If people don’t want to travel abroad then who cares, it is none of my business how one wants to spend his or her life. It isn’t my job to say to people, “traveling abroad was a great experience for me so YOU should do the same!” Because they don’t think like me doesn’t make me better or less ignorant then they are.

A former co-worker of mine has only been to two countries outside of the U.S. – Perú and the U.K. and people gave him **** for only having two stamps in his passport. But this man completed what is known in the backpacking community (not “hostel hopping” community) the “Triple Crown” meaning he has hiked from the Mexican border into Canada twice via Continental Divide Trail, Pacific Crest Trail and the International Appalachian Trail (Georgia to Canada) taking him about four and a half months each to achieve. I guarantee that he has more travel experience then a European “hostel hopper” with a 95L backpack buried in a Lonely Planet guide book.

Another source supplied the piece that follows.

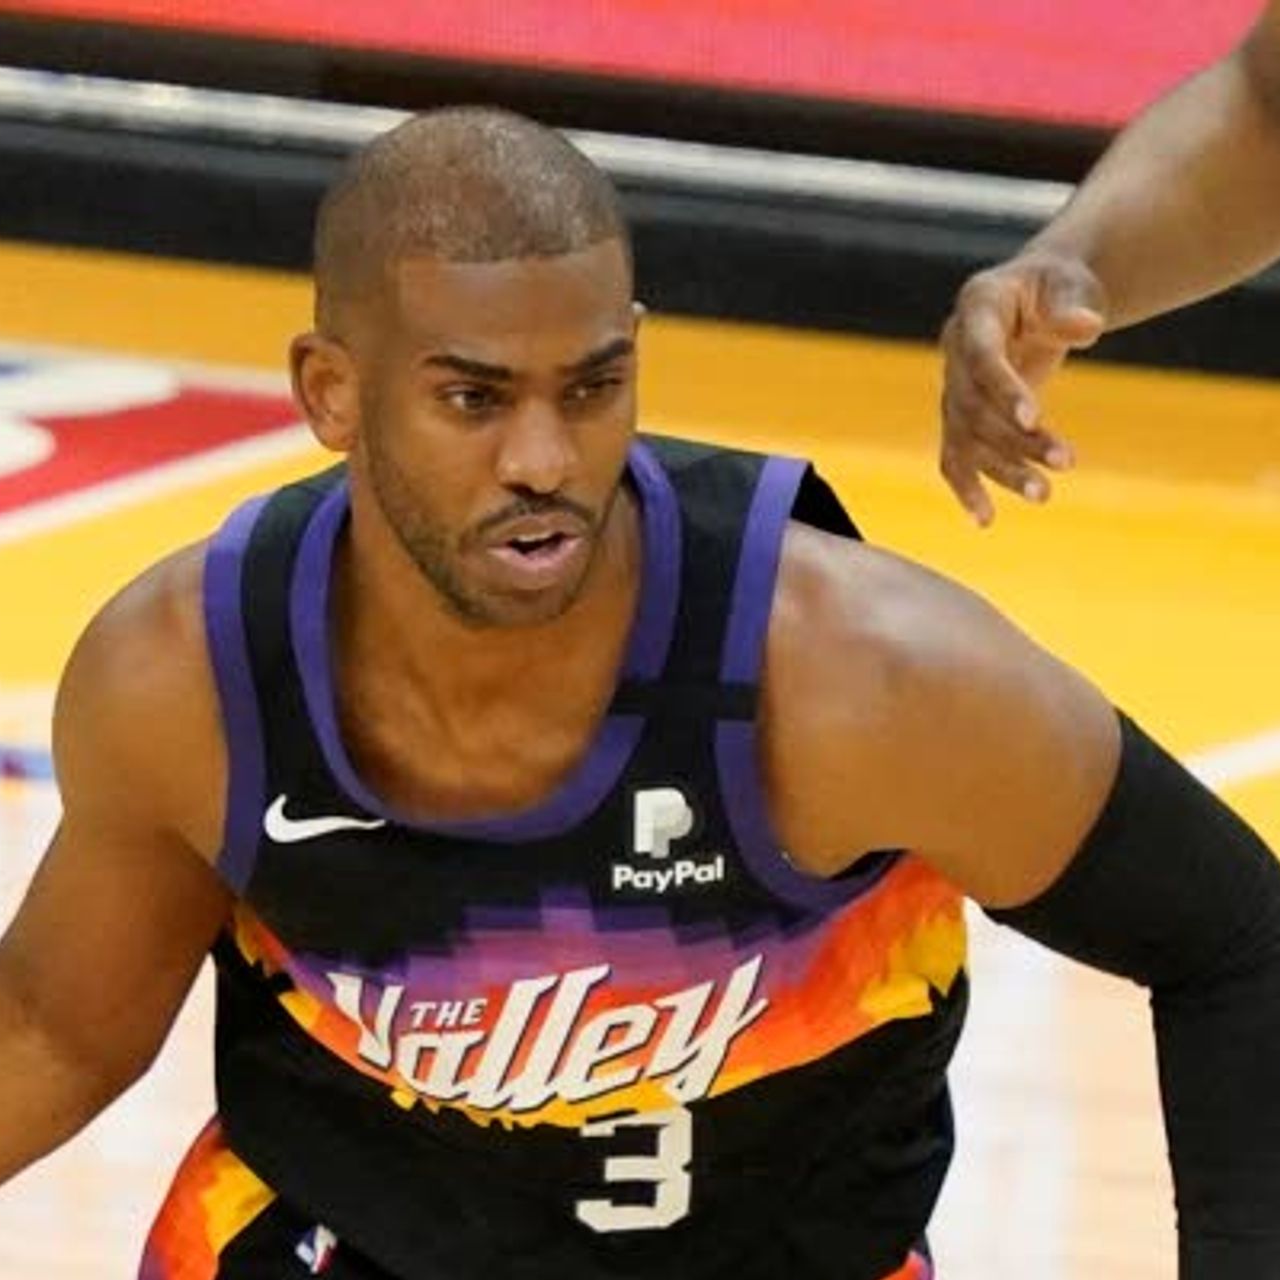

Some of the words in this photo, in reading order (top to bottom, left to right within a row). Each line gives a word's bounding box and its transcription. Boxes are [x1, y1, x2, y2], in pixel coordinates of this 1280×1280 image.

I love those people that claim, for example, that they’ve been to 33 countries but when you ask them how much time they’ve spent in each country it is often only a few days to a few weeks in “backpacker” hostels. Sure, he or she has the stamps but only skimmed through the countries in order to say, “Look at me! Look which countries I’ve visited!”.

I used to have that state of mind while hitchhiking at the age of 19 from La Guajira, Colombia to Buenos Aires, Argentina (it took me 13 months to complete). I used to believe that those whom didn’t travel abroad were more ignorant than I was. But with time I had realized that I was ignorant for generalizing entire peoples and thinking that my lifestyle was for everyone.

Best of luck on all of your travels. Remember, the more stamps one has in his passport doesn’t necessarily signify more impressive experiences.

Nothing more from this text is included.